NCBI Bookshelf. A service of the National Library of Medicine, National Institutes of Health.

The NCBI Handbook [Internet]. 2nd edition. Bethesda (MD): National Center for Biotechnology Information (US); 2013-.

  • This publication is provided for historical reference only and the information may be out of date.

This publication is provided for historical reference only and the information may be out of date.

NCBI Protein Resources

Authors

, PhDcorresponding author1.

Affiliations

corresponding authorCorresponding author.

Created: ; Last Update: November 21, 2013.

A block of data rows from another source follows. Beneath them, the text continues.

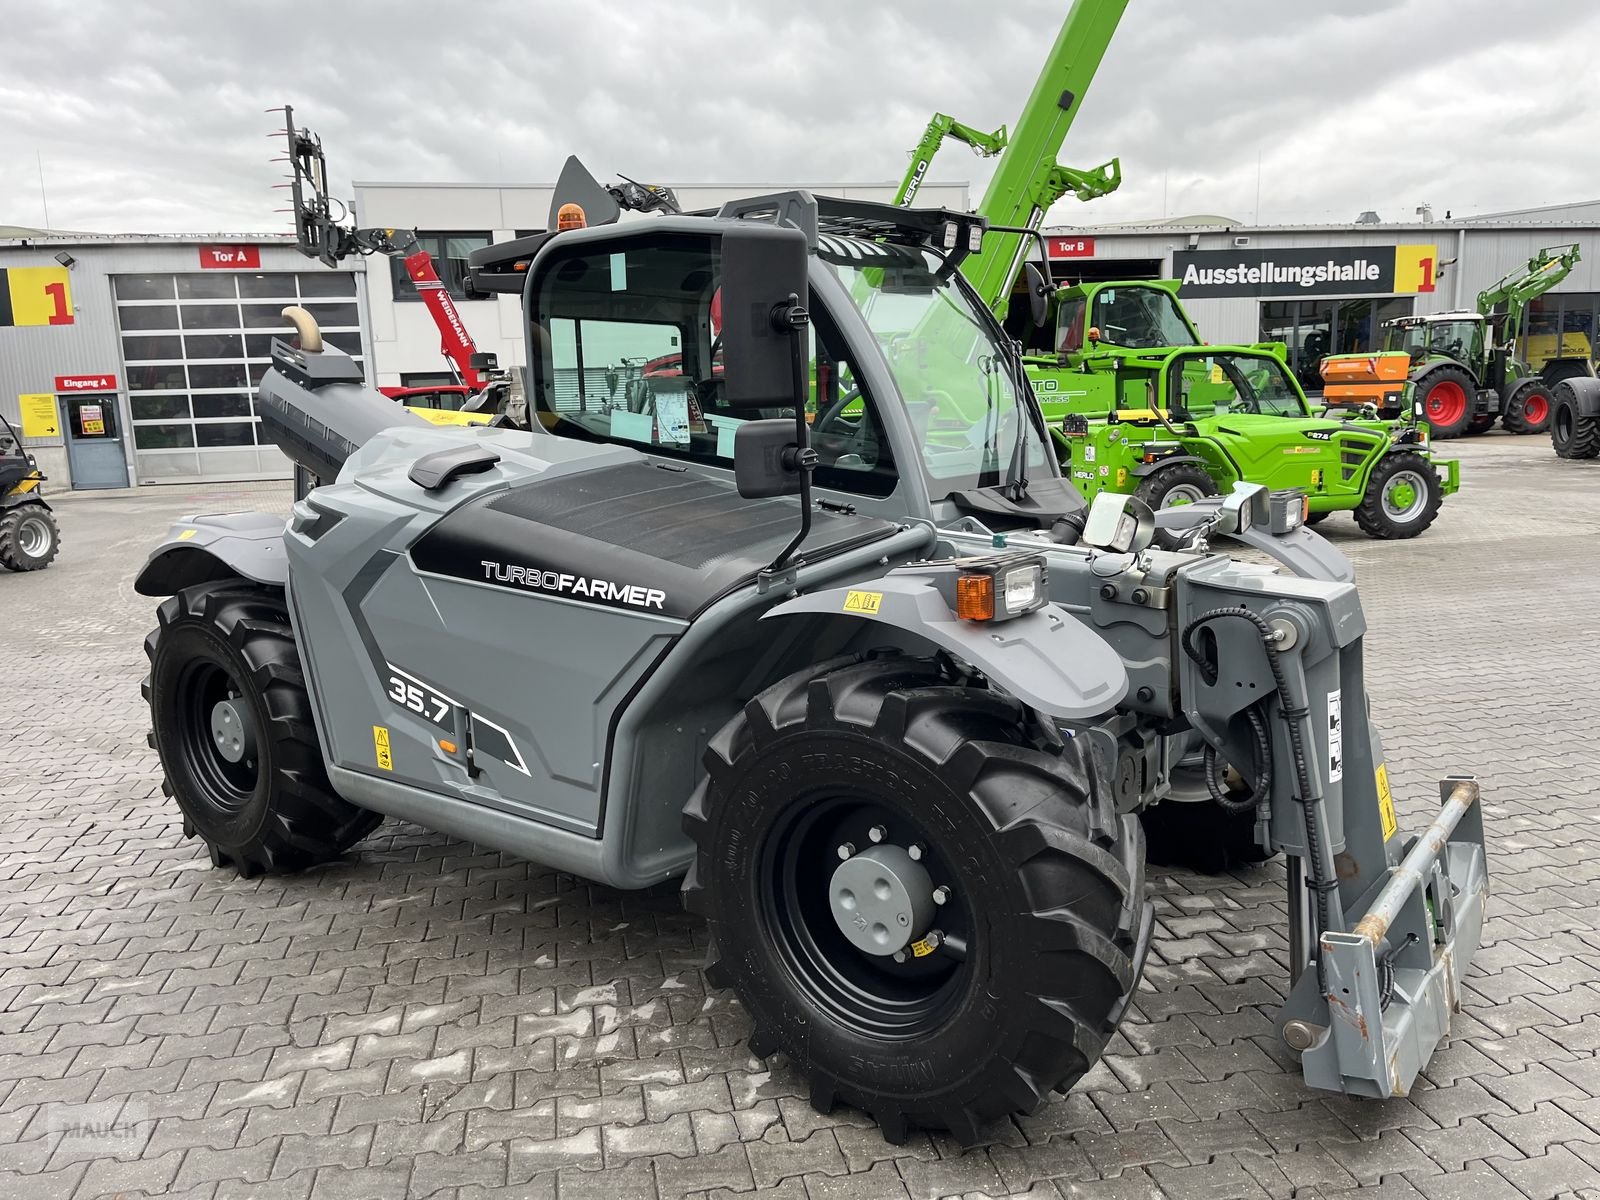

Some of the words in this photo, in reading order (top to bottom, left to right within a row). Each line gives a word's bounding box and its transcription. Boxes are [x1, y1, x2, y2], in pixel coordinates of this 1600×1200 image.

[212, 250, 234, 262] Tor
[236, 250, 247, 262] A
[1059, 241, 1075, 251] Tor
[1077, 241, 1085, 251] B
[1182, 259, 1380, 287] Ausstellungshalle
[1417, 258, 1436, 292] 1
[45, 282, 75, 325] 1
[437, 291, 469, 347] WEIDEMANN
[63, 379, 99, 388] Eingang
[1074, 471, 1094, 480] MERLO
[481, 560, 666, 609] TURBOFARMER
[388, 676, 449, 723] 35.7
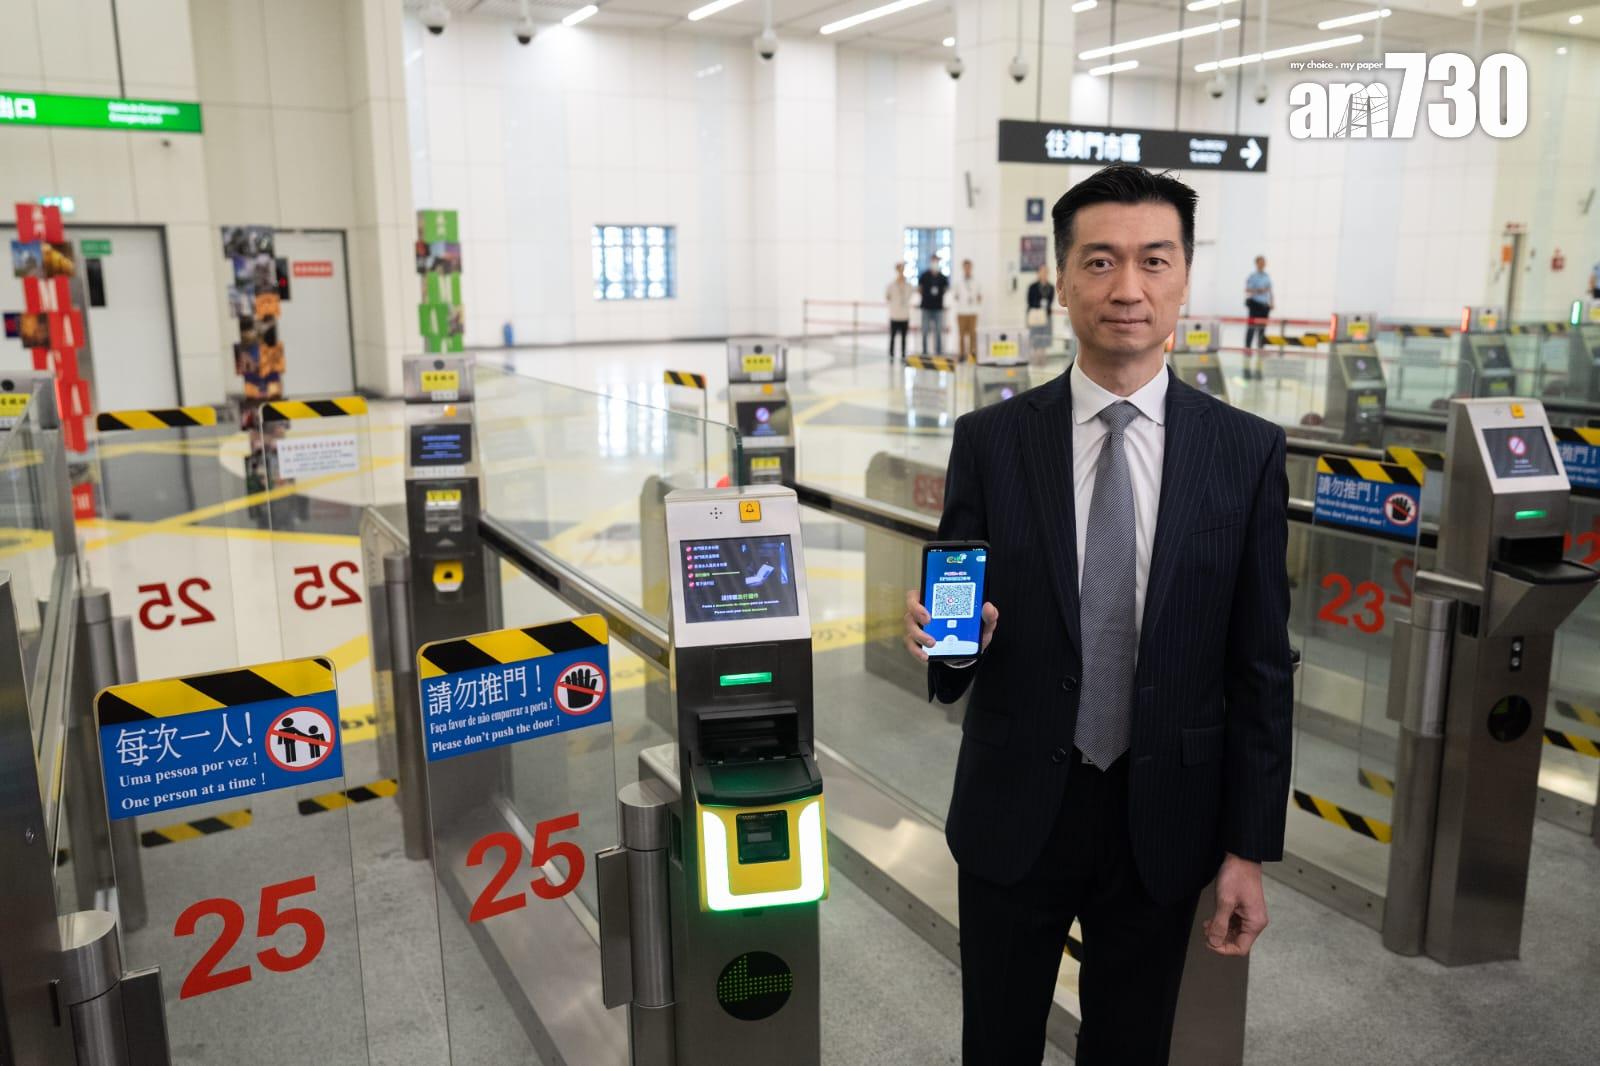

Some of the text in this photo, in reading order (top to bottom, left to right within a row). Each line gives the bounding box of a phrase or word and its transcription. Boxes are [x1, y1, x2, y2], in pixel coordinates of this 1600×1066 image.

[1318, 572, 1385, 633] 23
[427, 664, 542, 717] 請勿推門！
[430, 721, 448, 735] Faça
[448, 717, 467, 730] favor
[467, 715, 477, 726] de
[477, 711, 491, 724] não
[491, 706, 524, 724] empurrar
[524, 706, 529, 715] a
[530, 700, 548, 717] porta
[432, 740, 462, 753] Please
[464, 732, 490, 746] don't
[492, 725, 514, 742] push
[516, 722, 531, 734] the
[533, 717, 554, 731] door
[119, 775, 151, 789] Uma
[155, 765, 198, 784] pessoa
[202, 759, 225, 776] por
[227, 757, 248, 769] vez
[121, 797, 150, 811] One
[153, 788, 198, 808] person
[201, 784, 214, 795] at
[218, 783, 225, 792] a
[228, 776, 257, 790] time
[465, 812, 586, 924] 25
[174, 875, 326, 1000] 25
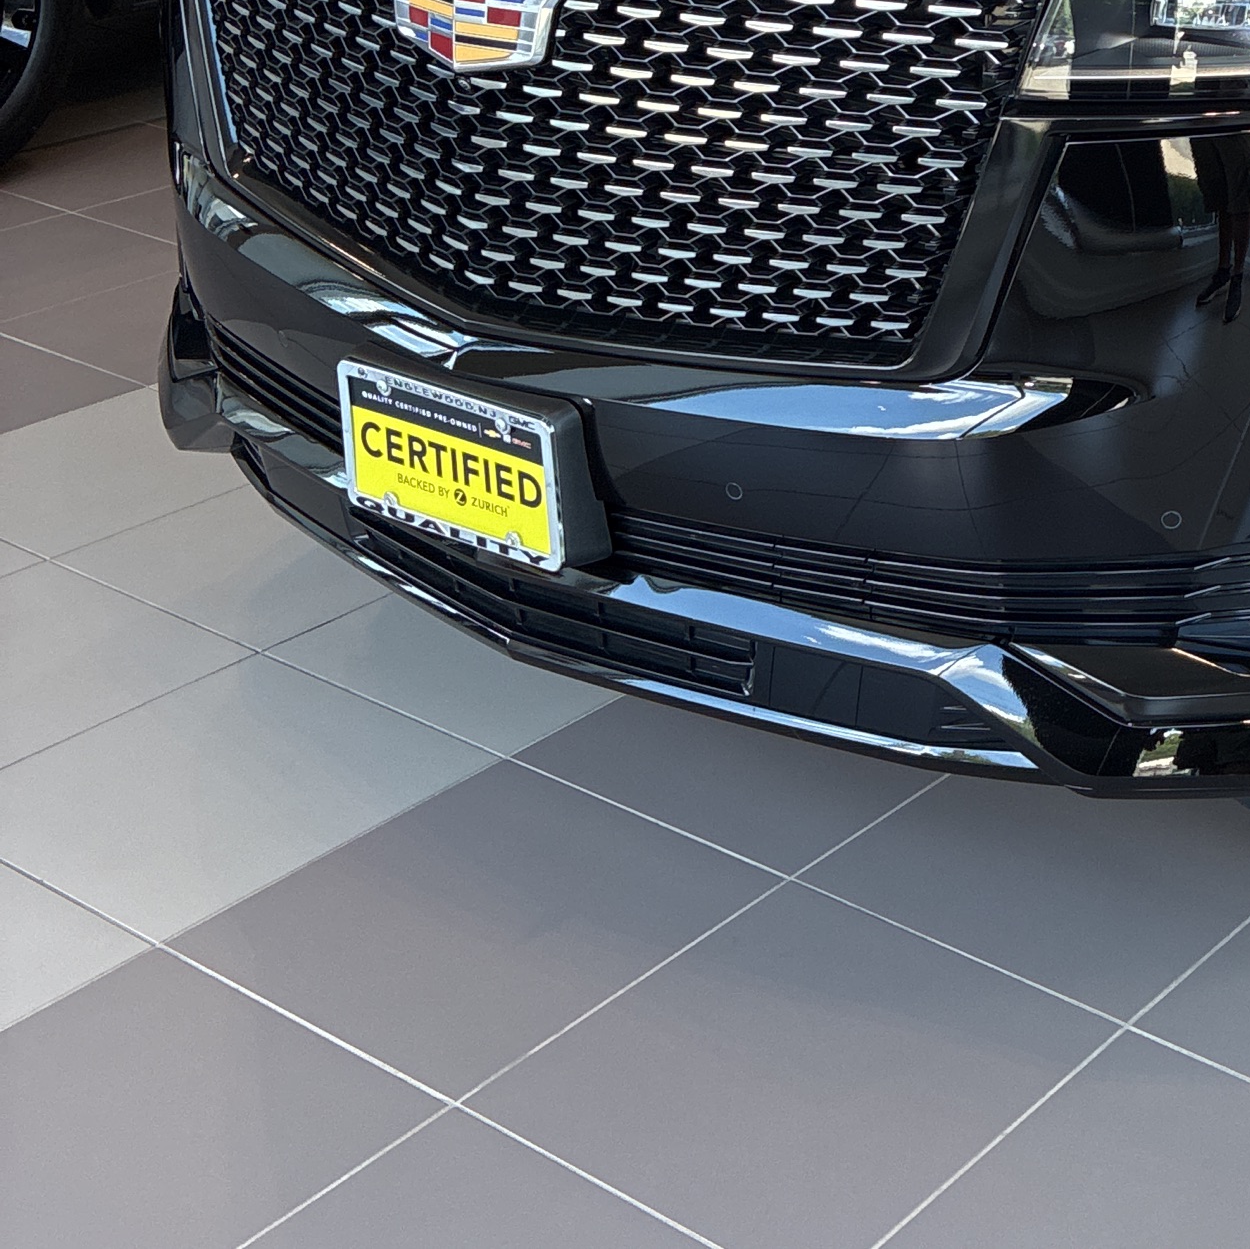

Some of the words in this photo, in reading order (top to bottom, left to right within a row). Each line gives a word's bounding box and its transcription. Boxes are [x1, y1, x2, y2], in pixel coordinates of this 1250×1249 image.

[361, 390, 393, 405] QUALITY
[394, 400, 433, 419] CERTIFIED
[433, 410, 478, 433] PRE-OWNED
[507, 414, 537, 432] GMC
[360, 420, 543, 510] CERTIFIED
[397, 472, 436, 495] BACKED
[437, 485, 451, 500] BY
[471, 496, 509, 518] ZURICH
[355, 496, 550, 566] QUALITY
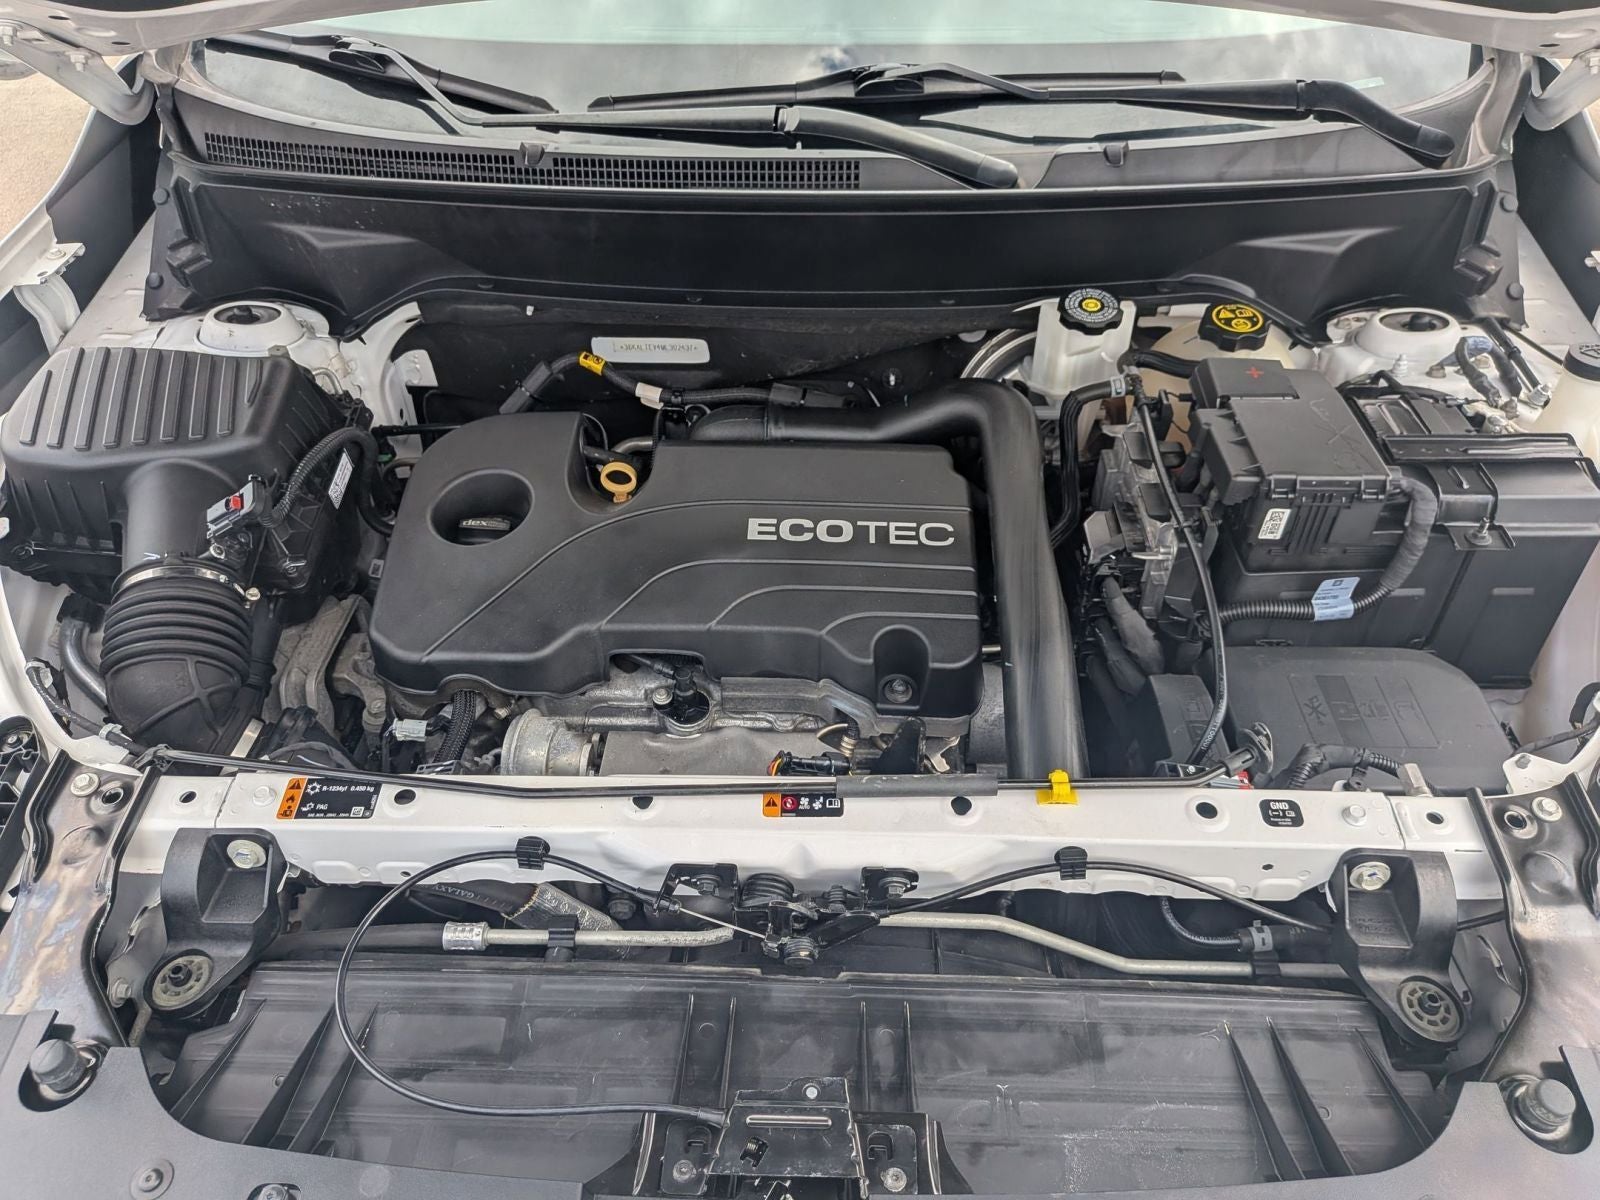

Estimated reading time: 2 minutes

Introduction

Proteins are the machines of life. They perform almost all of the processes necessary to sustain life, and also form a variety of structural and connective materials that constitute the bulk of our bodies and those of all other organisms. While we can think of a single protein as a discreet polymer of amino acids, the functional form of many proteins in the cell is actually a complex of several individual polymer chains, all working in concert to do a particular task. At NCBI, we therefore provide several resources that represent these various aspects of proteins, ranging from the sequences of individual chains to functional classifications of large protein families.

Protein

The Protein database is the most fundamental NCBI resource for proteins. It contains text records for individual protein sequences derived from a variety of sources, including GenBank, the NCBI Reference Sequence (RefSeq) project and several external databases including UniProtKB/SWISS-Prot and the Protein Data Bank (PDB). It is important to understand that the sequences contained in almost all Protein records (with the exception of PDB) are conceptual translations of an RNA coding sequence, meaning that no one determined the protein sequence experimentally, but rather inferred the sequence from the corresponding RNA. Protein records are available in several formats (including FASTA and XML) and are linked to many other NCBI resources, allowing users to find relevant data such as literature, DNA/RNA sequences, genes, biological pathways and expression and variation data. We also provide pre-computed sets of identical and similar proteins for each sequence as determined by the BLAST algorithm. The BLAST Link (Blink) tool provides a graphical view of these pre-computed sets and provides a variety of filtering tools and links to multiple alignment views.

Structure

The Structure database contains 3D coordinate sets for experimentally-determined structures in PDB. At NCBI, we import these data from PDB and format the data for viewing in Cn3D, the NCBI structure viewer. We also calculate structural similarity between all of these records using the VAST algorithm and allow users to view superpositions of highly similar structures. We also link these structure records to the corresponding sequence records in the Protein database, to literature articles where the structure was reported, and to information about any ligands present in the structure.

Conserved Domains (CDD)

The Conserved Domain database (CDD) is a collection of sequence profiles that represent highly conserved domains within protein sequences. Very often these domains have a particular function that is shared between those sequences that contain it. Typically one identifies the presence of a conserved domain in a sequence using the CD-Search tool, and these results provide access to sequence alignments, distance trees, selected literature, and structural views that highlight important elements within the domain. While we curate our own set of domain records, CDD also contains records from external resources such as Pfam and SMART. NCBI provides links to precomputed CD-Search results for all Protein records and also displays such results on each record in the Structure database. CD-Search results are also provided in several other NCBI displays, including protein BLAST results and the graphical sequence viewer.

Protein Clusters

The Protein Clusters database contains sets of proteins annotated on RefSeq genomes from prokaryotes, viruses, fungi, plants, and organelles (mitochondria and chloroplasts). Each protein cluster record consists of a set of protein sequences clustered according to the maximum alignments calculated by BLAST between the individual sequences. We then hypothesize that the proteins within each set are homologous, and on this basis use these clusters to support functional annotation of new RefSeq genomes.